Try it
Return the full listing word for word, but drop every picture from it.
[[ Data extract, beginning ]]
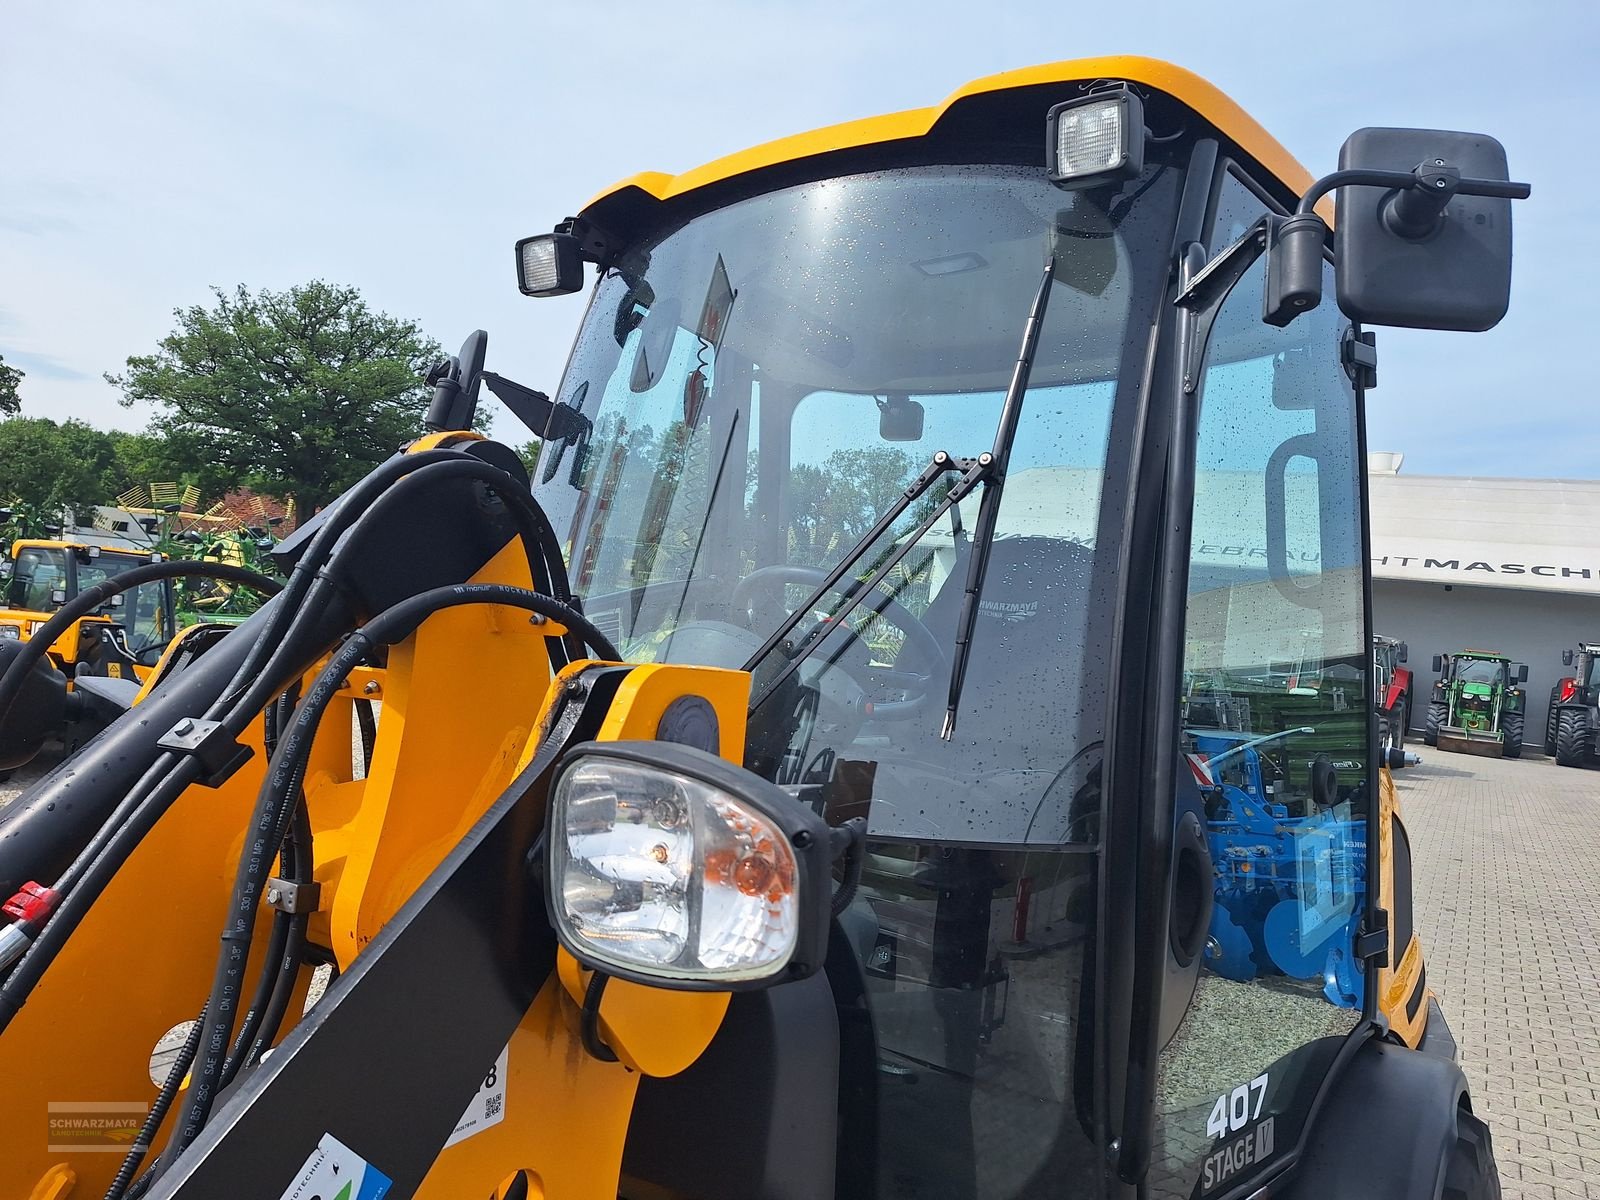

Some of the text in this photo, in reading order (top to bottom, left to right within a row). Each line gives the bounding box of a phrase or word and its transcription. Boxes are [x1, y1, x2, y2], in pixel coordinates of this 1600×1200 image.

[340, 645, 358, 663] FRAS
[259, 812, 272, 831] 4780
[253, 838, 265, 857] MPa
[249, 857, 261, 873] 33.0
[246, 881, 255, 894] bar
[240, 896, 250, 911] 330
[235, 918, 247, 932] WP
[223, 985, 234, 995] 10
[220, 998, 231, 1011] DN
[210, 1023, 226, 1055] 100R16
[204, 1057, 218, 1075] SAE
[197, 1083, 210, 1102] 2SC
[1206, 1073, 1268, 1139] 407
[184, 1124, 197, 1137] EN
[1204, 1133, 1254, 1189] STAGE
[[ Data extract, end ]]
Result for this exercise
Some of the text in this photo, in reading order (top to bottom, left to right within a row). Each line gives the bounding box of a phrase or word and its transcription. Boxes are [x1, y1, x2, y2], in pixel coordinates of this 1600×1200 image.

[340, 645, 358, 663] FRAS
[259, 812, 272, 831] 4780
[253, 838, 265, 857] MPa
[249, 857, 261, 873] 33.0
[246, 881, 255, 894] bar
[240, 896, 250, 911] 330
[235, 918, 247, 932] WP
[223, 985, 234, 995] 10
[220, 998, 231, 1011] DN
[210, 1023, 226, 1055] 100R16
[204, 1057, 218, 1075] SAE
[197, 1083, 210, 1102] 2SC
[1206, 1073, 1268, 1139] 407
[184, 1124, 197, 1137] EN
[1204, 1133, 1254, 1189] STAGE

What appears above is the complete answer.